The wind from the gaping hole blasted past his head, roaring in his ears, and he concentrated on leveling the plane out, breathing a sigh of relief as the nose slowly rose to level off, coming out of the dive barely two thousand feet above the jagged rocks and spires of the arid mountains below. His relief was short lived; as soon as he had the plane level he found that he had to maintain some backpressure on the yoke to keep the nose up, along with several degrees of left bank to counter a slow turn to the right. As his airspeed reduced, Brandon glanced at the throttles. Seeing that they were all the way back, he advanced them both until his airspeed ceased its drop. He had no way of knowing that one engine was dead. He slipped his feet onto the rudder pedals, but after a few hesitant tries found that they had no effect at all. What he couldn’t know was that the shrapnel from the disintegrating turbine blades had severed the rudder control cables.

Confused, but with the plane stable for the moment, Brandon glanced over at the pilot, noticing the tremendous amount of blood for the first time. He didn’t have time to think on what that meant, as Jon struggled forward, stopping between the seats as he turned his attention to the pilot.

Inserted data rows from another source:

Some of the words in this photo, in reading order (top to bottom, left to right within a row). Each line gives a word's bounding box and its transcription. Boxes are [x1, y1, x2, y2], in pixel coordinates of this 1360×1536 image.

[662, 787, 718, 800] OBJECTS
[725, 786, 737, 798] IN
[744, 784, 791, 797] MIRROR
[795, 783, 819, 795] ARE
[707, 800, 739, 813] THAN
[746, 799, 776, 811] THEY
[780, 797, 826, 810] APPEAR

Feeling a shiver that had nothing to do with the cold, Jon looked at the fading flow of blood from the gash in the man’s neck. Pressing his hand against the wound to try and stop the bleeding, he glanced down at the pools of blood on the plane’s carpeted deck. Helen stumbled up behind him, her own eyes widening with a look of horror as she surveyed the carnage.

“I don’t think he’s breathing,” Helen yelled above the roar of the wind, “Can you feel a pulse?”

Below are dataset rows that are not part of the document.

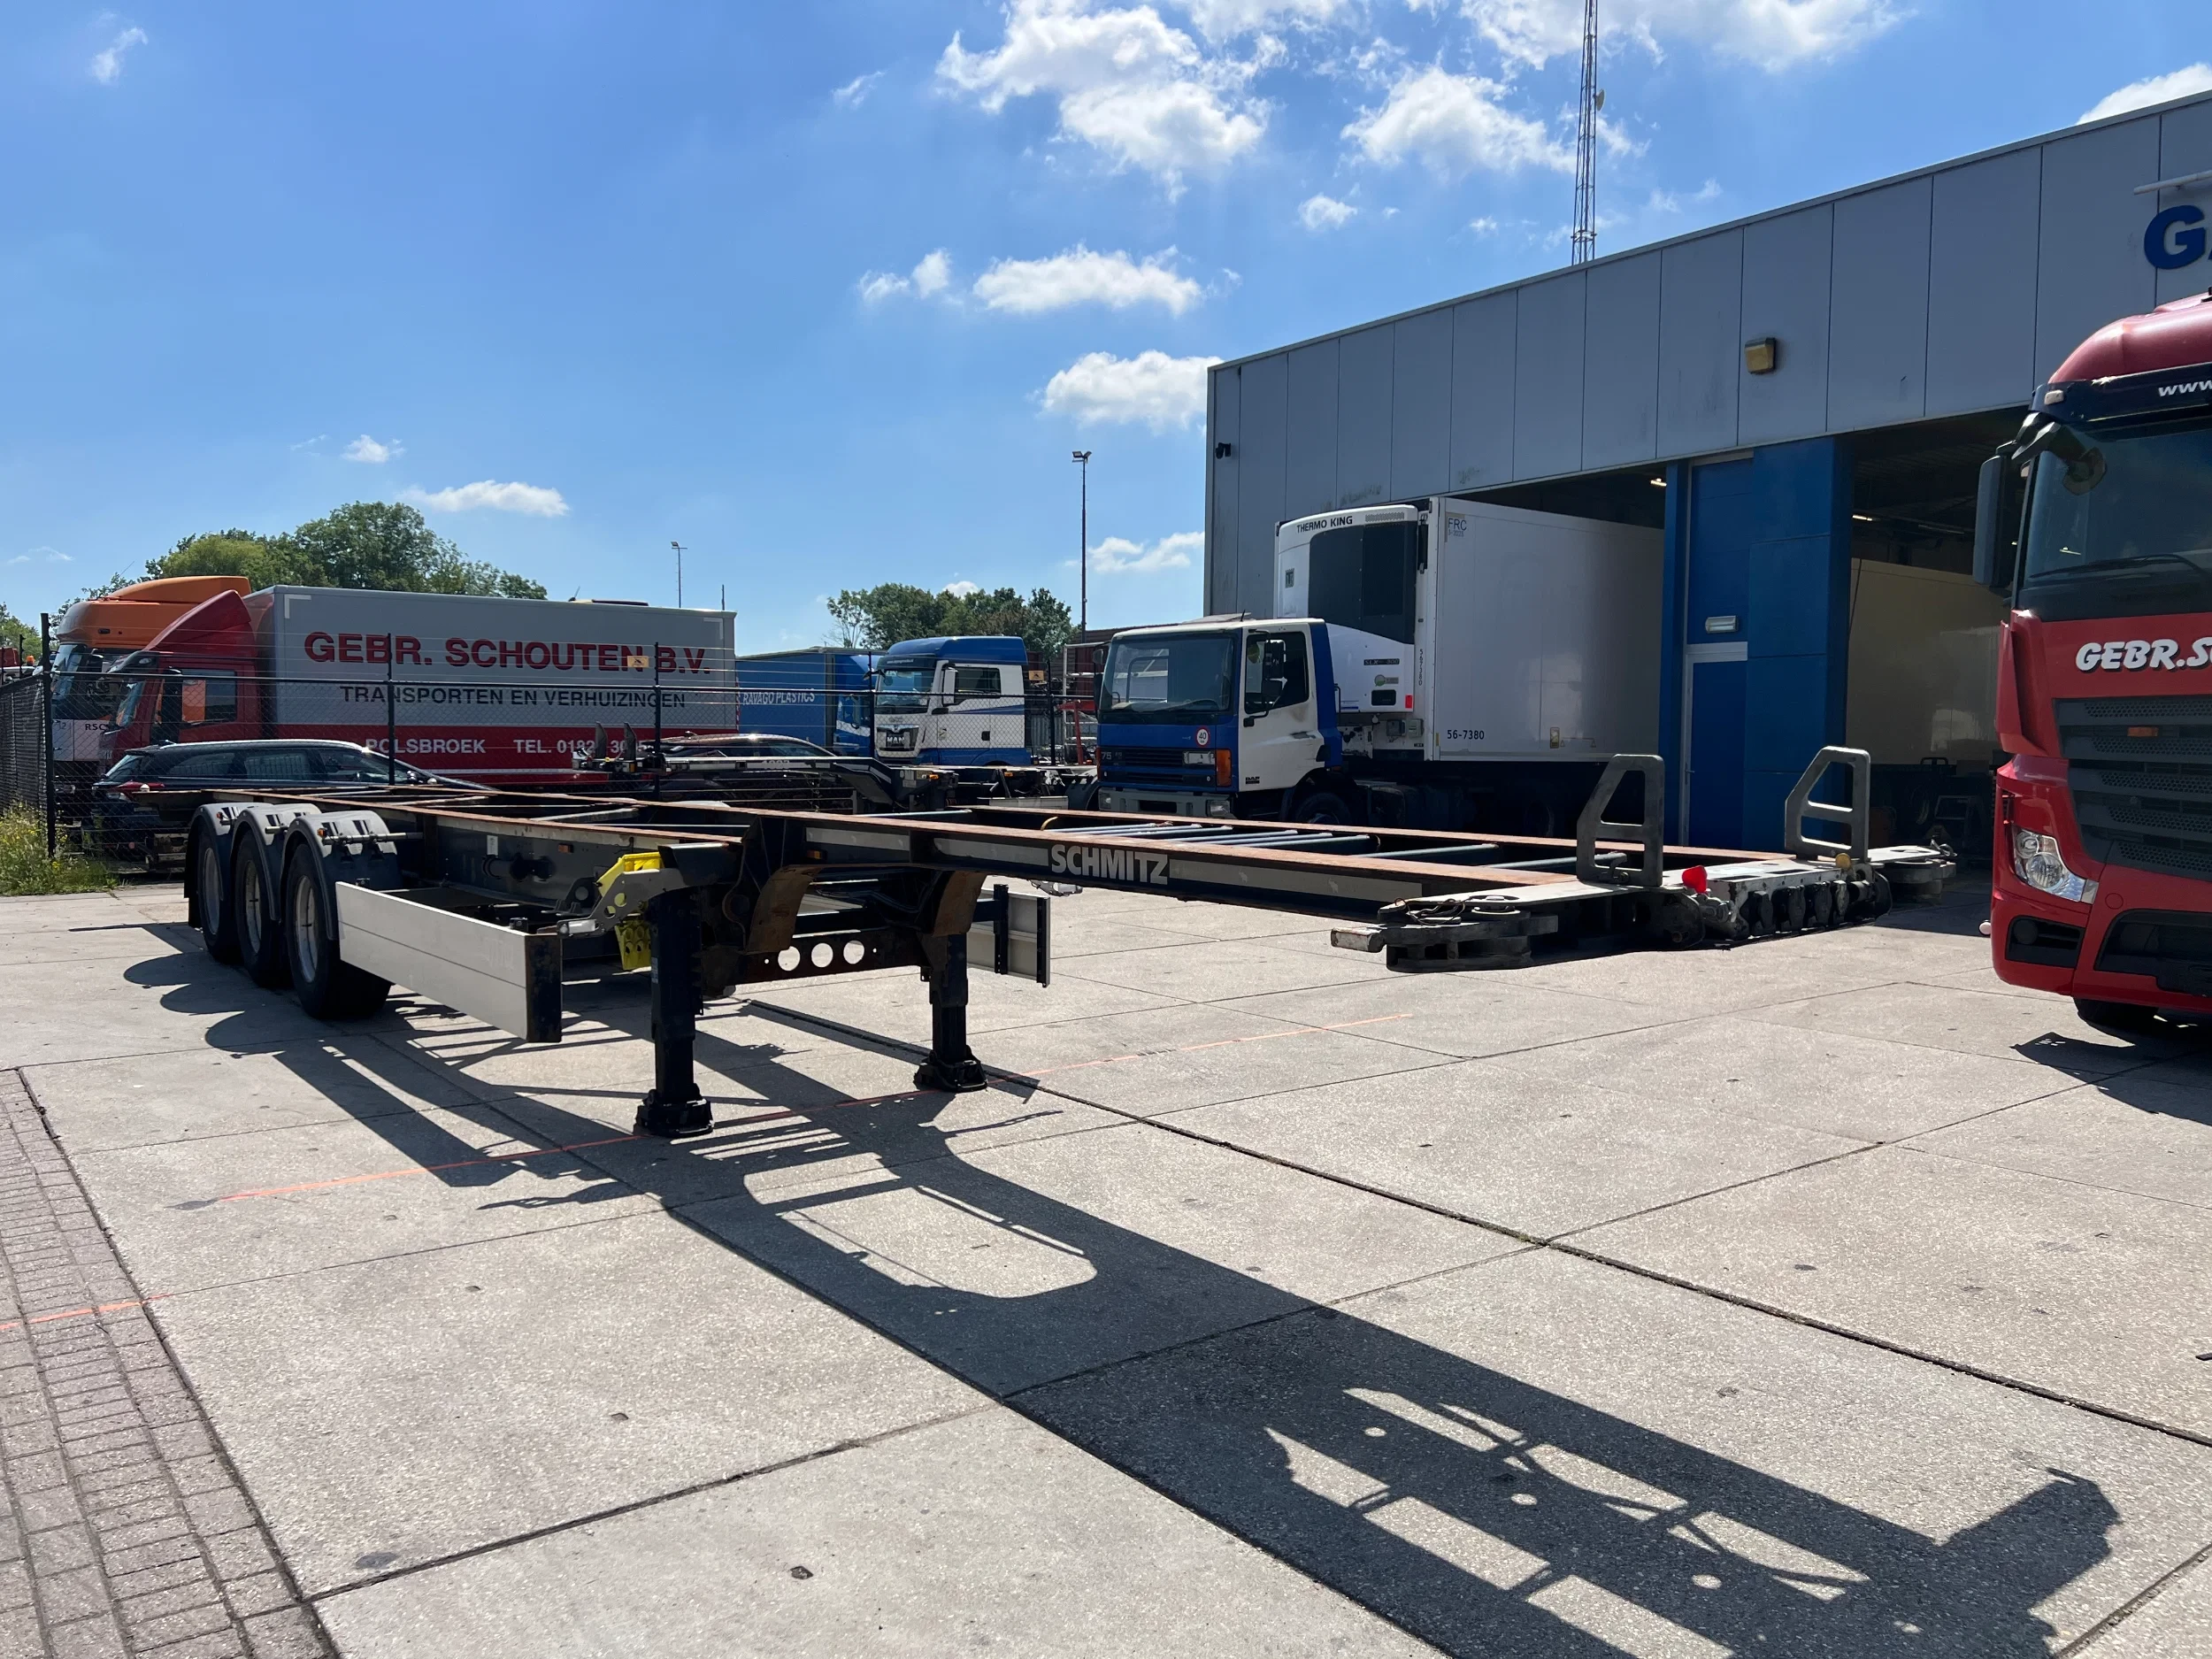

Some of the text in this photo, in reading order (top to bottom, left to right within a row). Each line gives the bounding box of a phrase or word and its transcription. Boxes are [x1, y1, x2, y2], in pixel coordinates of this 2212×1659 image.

[2144, 204, 2212, 269] G
[1296, 516, 1353, 534] THERMO KING
[1448, 518, 1467, 531] FRC
[303, 631, 710, 674] GEBR. SCHOUTEN B.V.
[2076, 636, 2212, 673] GEBR.S
[340, 686, 686, 709] TRANSPORTEN EN VERHUIZINGEN
[742, 692, 815, 705] RAVAGO PLASTICS
[1447, 729, 1485, 741] 56-7380
[513, 740, 552, 754] TEL.
[1101, 751, 1112, 760] 75
[1050, 844, 1169, 885] SCHMITZ

All Jon could feel was the sticky, rapidly cooling blood on the pilot’s neck. He didn’t know how to feel for a pulse, but the sheer amount of blood, combined with the lack of blood flow from the wound, made him fear the worst.

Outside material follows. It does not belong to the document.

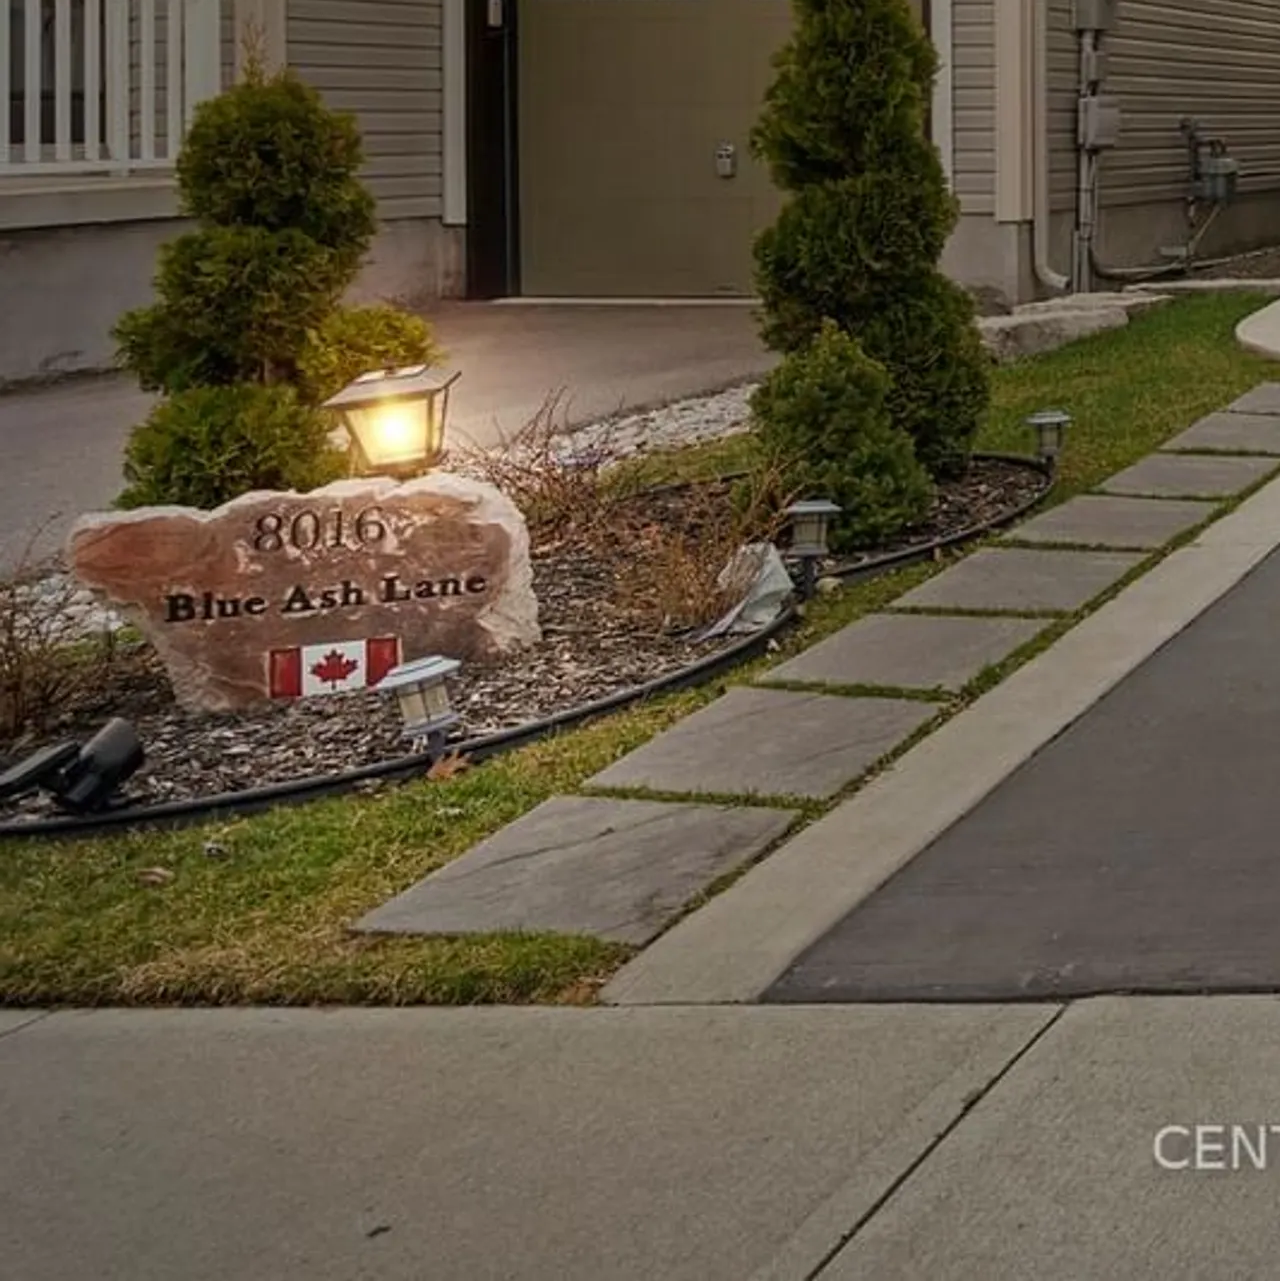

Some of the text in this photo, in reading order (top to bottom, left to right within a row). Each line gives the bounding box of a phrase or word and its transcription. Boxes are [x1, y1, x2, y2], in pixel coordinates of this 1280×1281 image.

[254, 506, 386, 552] 8016
[164, 575, 487, 623] Blue Ash Lane

Helen reached in, feeling for a pulse on the man’s wrist and then on his neck, trying one side and then the other, but finding nothing. Not knowing if she was doing it wrong, or there was nothing to be found, she yelled, “I can’t find a pulse and I don’t see him breathing. Unbuckle him and help me get him out of there, but keep your hand on his neck; try and stop as much of the bleeding as you can.”

Jon reached down with his free right hand and tugged the pilot’s seatbelt open. Shifting position, he moved his left hand to better stanch the flow of blood, but as he did so he noticed to his horror that the blood flow had ceased almost entirely. Taking his hand away a few inches at a time, Jon turned his head to look at Helen with fear in his eyes, emphasized by a slow shake of his head. He twisted around, hooking his arms under the pilot’s armpits, and pulled the limp body from the seat. With Helen’s help, he dragged the man back to the first passenger seat.

Chase and Eric joined Helen in attempting to tend to the pilot and Jon spun around to head forward to check on Brandon.

Still struggling with the controls, concentrating on keeping level, Brandon squinted against the wind that blasted him in the face and had already forced him to scrunch down and sideways to escape the worst of its impact.

Glancing over at the empty left seat and the distorted and shattered windshield in front of it, Brandon yelled to Jon, “Lean over my shoulder and hold the yoke right where it is; I need to change sides.”

Ignoring the pool of congealing blood that he had to sit in, Brandon slipped into the left seat and thanks to the remaining windshield, he was able to sit upright. He looked at the window in front of him; it was spider-webbed with cracks, to the point of being nearly opaque in places, especially near the center pylon where some pieces were missing, but at least he could see and had some shelter from the wind.

Crouching between the seats, Jon put his head next to Brandon’s to minimize the need to yell and said, “Can you fly this thing?”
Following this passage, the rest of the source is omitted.